I've modified your code a bit. 

public static Integer readInt(String message, int min, int max)
{
    /*displayBlack(message);*/

    try {
        /*String result = scanner.next();*/
        int number = Integer.parseInt(message);

        if (number < min || number > max) {
            System.out.println("Erreur, Selectionner un nombre entre " + min + " et " + max);
            /*return readInt();*/
        }
        return number;
    } catch (InputMismatchException e) {
        System.out.println("You must enter a number: " + e.toString());
        return null;
    } catch (NumberFormatException e) {
        System.out.println("You must enter a number: " + e.toString());
        return null;
    } catch (Exception e) {
        System.out.println("Another problem:" + e.toString());
        return null;
    }
}

I made readInt return an Integer (which can be a null in case the number is invalid).

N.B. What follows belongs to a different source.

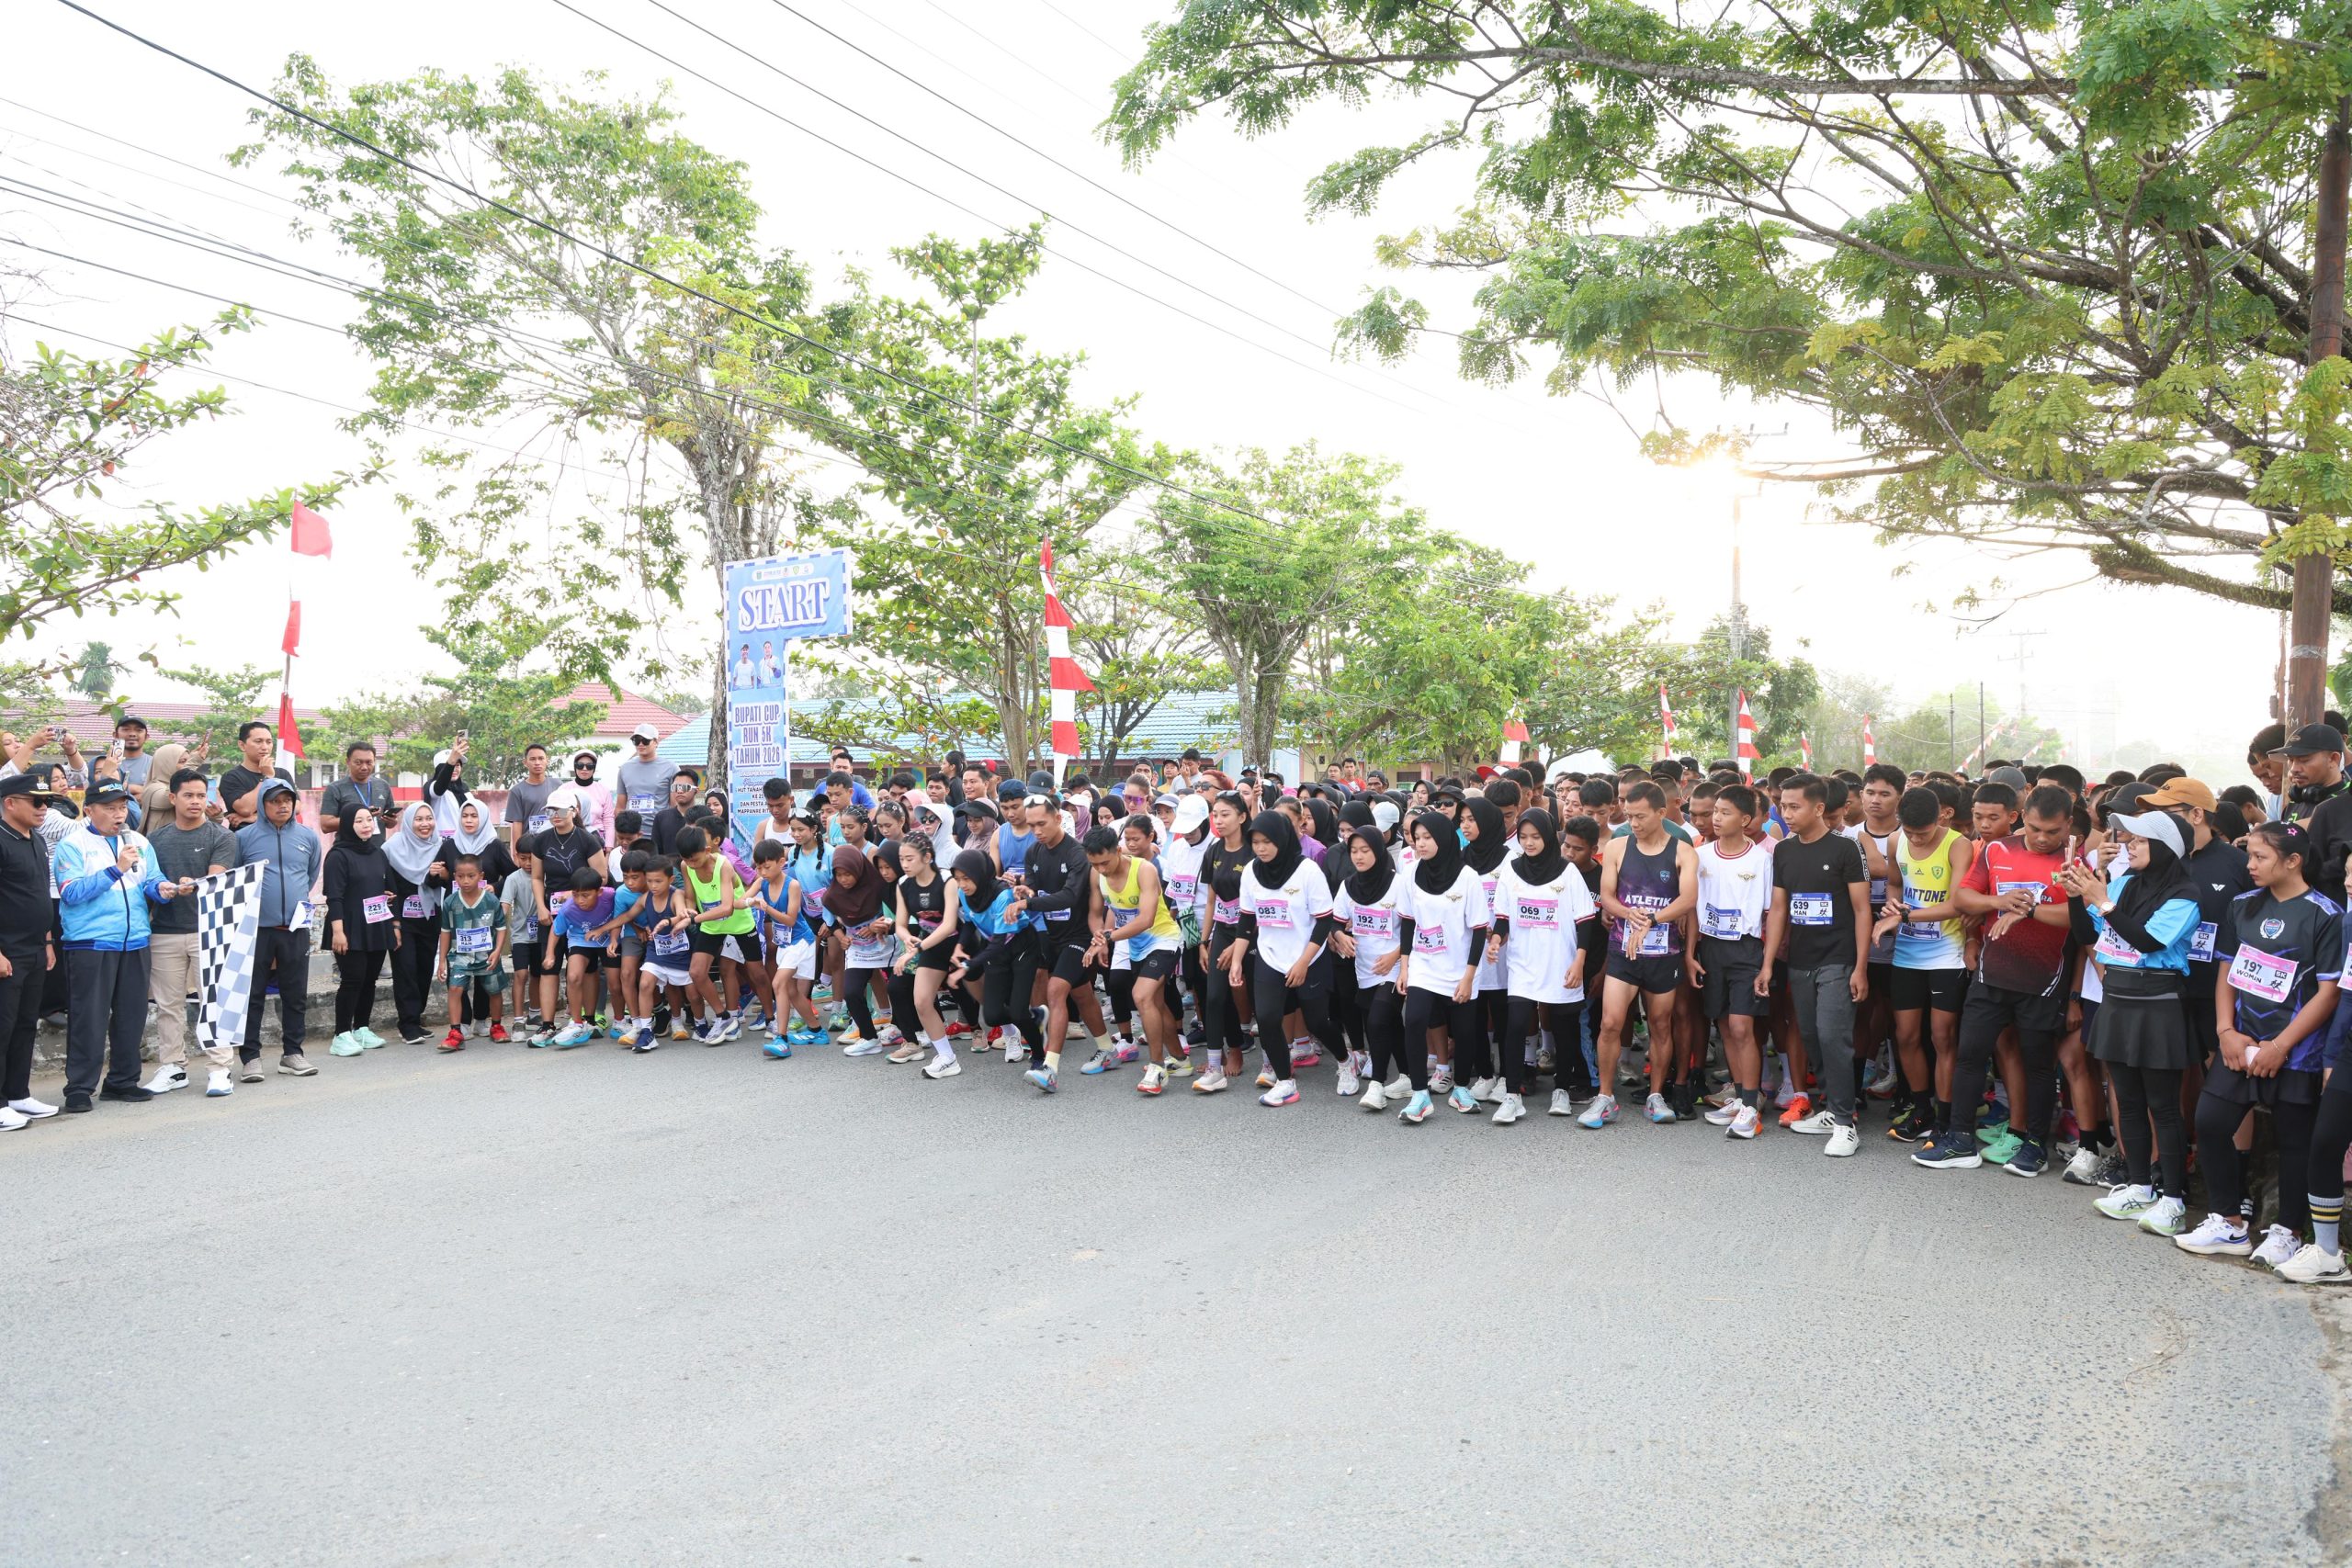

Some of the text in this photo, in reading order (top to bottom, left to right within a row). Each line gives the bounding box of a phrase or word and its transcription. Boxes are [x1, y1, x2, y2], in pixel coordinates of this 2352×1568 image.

I commented out the scanner.next statement, because you seem to be passing it in through message.

The return statement can only return an object of the type declared in your method signature. Since you declared it an int, it can only return an int. I declared it an Integer so it could return an int or a null. Note that it can't return a String, as you had.

I added two more catches before the broadest Exception, namely InputMismatchException and NumberFormatException.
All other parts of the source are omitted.